Frequently Asked Questions

May 29, 2026 · View on GitHub

If you have a question that isn't here, open an issue or check the top-level README.md and library.md.


Why does the first ls.render(...) call appear to hang?

The first text-prompt render silently downloads the MiniLM embedding model (~90 MB) and the embedding-map dataset (~100 MB) from Hugging Face. On a fresh machine this takes 30–60 seconds and looks indistinguishable from a frozen kernel.

Two fixes, both supported:

# Python API: makes the download explicit with a visible progress bar
import latentscore as ls
ls.prefetch("fast")
ls.render("warm sunset over water").play()
# CLI equivalent
latentscore download fast

Subsequent calls hit the local cache and complete in <1 s. The fast_heavy model has the same shape but downloads ~1.8 GB of LAION-CLAP weights instead of the 90 MB MiniLM - expect several minutes on first use.


What's the difference between fast and fast_heavy?

Both are retrieval-based (no LLM, no hallucinations, no API keys). They differ in what gets embedded:

fast (default)fast_heavy
EmbedderMiniLM-L6-v2 (text encoder)LAION-CLAP audio encoder
What gets matchedYour text vs. the library's text descriptions of each configYour text vs.
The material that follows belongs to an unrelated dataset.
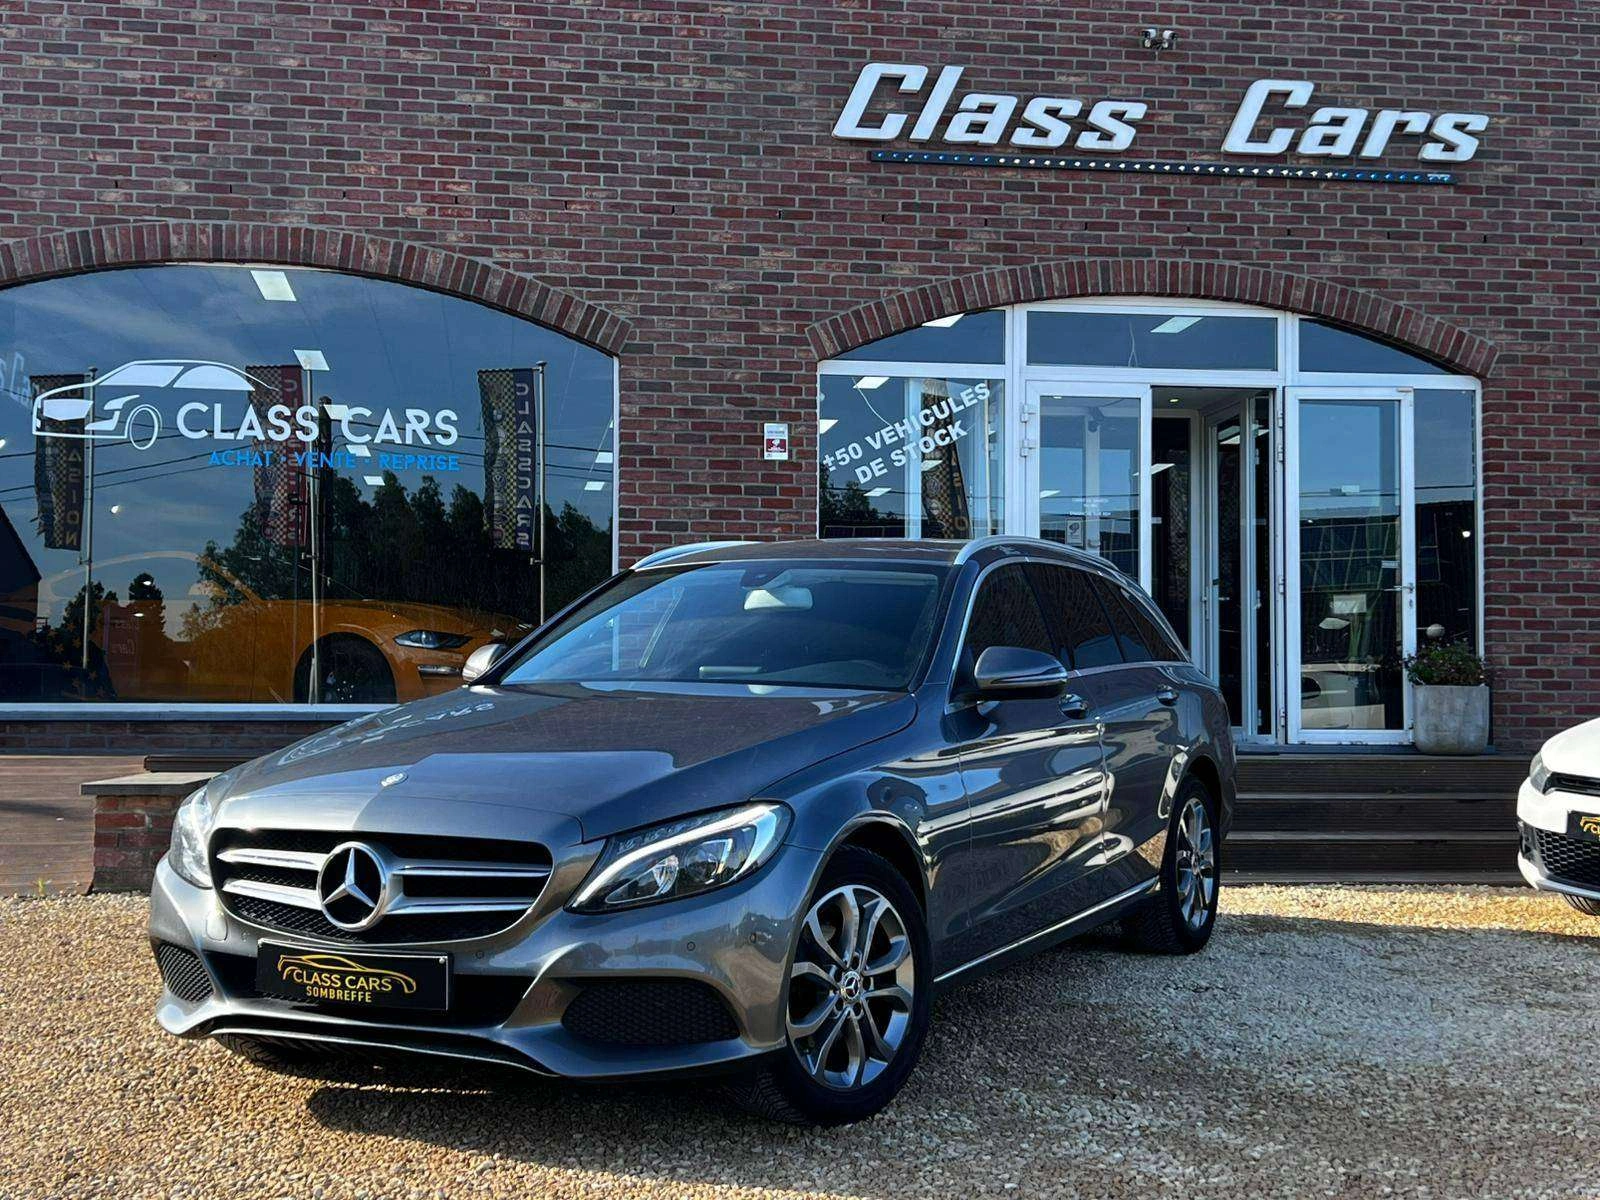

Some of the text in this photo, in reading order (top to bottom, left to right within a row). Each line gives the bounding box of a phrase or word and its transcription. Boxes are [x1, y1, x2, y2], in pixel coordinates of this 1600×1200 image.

CLAP audio embeddings of each config's actual sound
Download~90 MB~1.8 GB
Latency~2 s warm~2 s warm
Installcorepip install "latentscore[heavy]"

Intuition: fast matches your text to what the library says about each config. fast_heavy matches your text to what each config actually sounds like. For prompts where audio properties matter more than vocabulary (e.g. "a sound that feels like rain"), fast_heavy often does better.


I ran pip install latentscore and it succeeded, but import latentscore fails. What happened?

This usually means the local Python environment can import the package, but the host machine's audio/runtime stack is missing something needed for playback or WAV I/O. Local installs depend on OS-level audio libraries, so behavior can vary by machine.

Quick diagnostic:

latentscore doctor --strict --offline

The audio_write and render_core checks will fail with a clear hint pointing at libsndfile / portaudio if that's the issue.

If doctor reports an audio-library issue, install the missing OS package it suggests. For the most reproducible path, use Docker or Colab instead — both bundle all dependencies.


Can I run this on Windows?

The Docker demo (demo/) works on Windows via Docker Desktop. The web UI runs in a Linux container, which sidesteps Windows wheel availability entirely.

On Windows, use Docker Desktop with the WSL2 backend for both the demo and SDK exploration via the bundled JupyterLab playground. Native Windows pip is unsupported, and WSL2 pip is not part of the supported SDK path.


⚠️ Why is the Docker build slow on my Mac?

On Apple Silicon (M-series) Macs, the demo defaults to the linux/amd64 image for reproducibility, which runs under QEMU emulation and is slow. For a native, much faster build, set the platform:

LATENTSCORE_DOCKER_PLATFORM=linux/arm64 docker compose -f demo/docker-compose.yml up --build

Do I need a GPU?

No GPU is required. The default fast path and Docker demo are CPU-only. The headline fast model is nearest-neighbor lookup over a precomputed 384-dim embedding matrix — effectively a dot product. Audio synthesis is pure NumPy.

[expressive] (local LLM inference) may use CUDA if the host has it, but it's optional and not the default path. It runs through the transformers backend on every platform (including macOS — MLX integration is declared in pyproject markers but not actually wired into the runtime yet). A single render on macOS / CPU takes ~30–100 seconds, so expressive mode is slow even on a fast laptop — stick with fast or fast_heavy unless you specifically need LLM-generated configs.


How do I get a longer or more genre-specific output?

import latentscore as ls

# Longer: pass duration in seconds
ls.render("warm jazz cafe", duration=60).save("jazz_cafe.wav")

# More control: build a MusicConfig and tweak the knobs
config = ls.MusicConfig(
    tempo="slow", mode="dorian", root="d",
    bass="drone", pad="ambient_drift", melody="contemplative",
    rhythm="minimal", texture="shimmer", echo="heavy",
    density=3, brightness="dark", space="vast",
)
ls.render(config, duration=30).save("custom.wav")

# Combine a vibe with an override
ls.render(
    "morning coffee shop",
    update=ls.MusicConfigUpdate(brightness="very_bright", rhythm="electronic"),
    duration=20,
).play()

The full parameter reference is in docs/library.md.


Doesn't every AI music tool hallucinate? Why not this one?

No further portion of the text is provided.